Но здесь, в тихой зауральской деревушке, где не было ни одного грамотного человека, а волость находилась в сорока верстах, церковь – в тридцати, о событиях в государстве никто ничего не знал. В волость ездили по крайней необходимости, а в церковь, в лучшем случае, в Покров да в Пасху.

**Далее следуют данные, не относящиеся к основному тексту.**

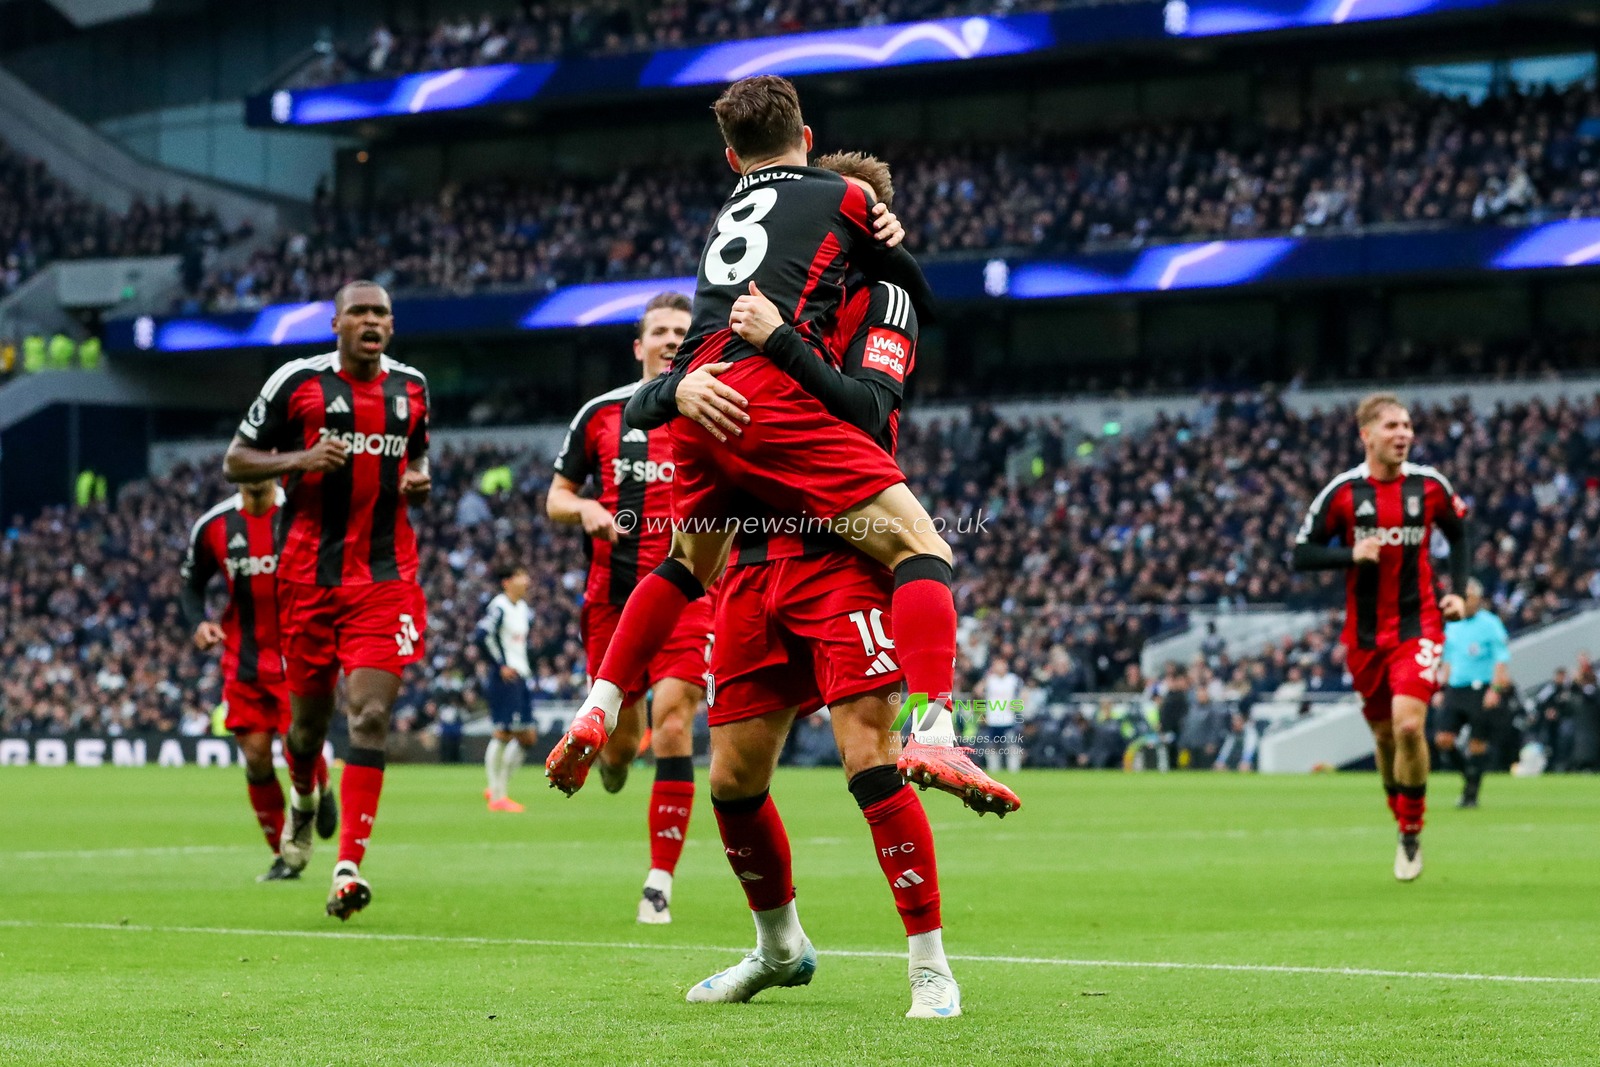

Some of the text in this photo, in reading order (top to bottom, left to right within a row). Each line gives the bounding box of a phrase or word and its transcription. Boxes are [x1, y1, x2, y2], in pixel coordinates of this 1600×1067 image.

Если все было тихо, пристав приезжал только раз в год – собирать подать. Старосту выбирали на год из своих же односельчан. Если кто хорошо исполнял службу, могли оставить на второй год.
За двадцать два года жизни в зауральской деревне Прядеиной уроженца Новгородской губернии Василия Елпанова выбирали старостой четыре раза. Староста в волость ни на кого не доносил, ни в чьи дела не вмешивался.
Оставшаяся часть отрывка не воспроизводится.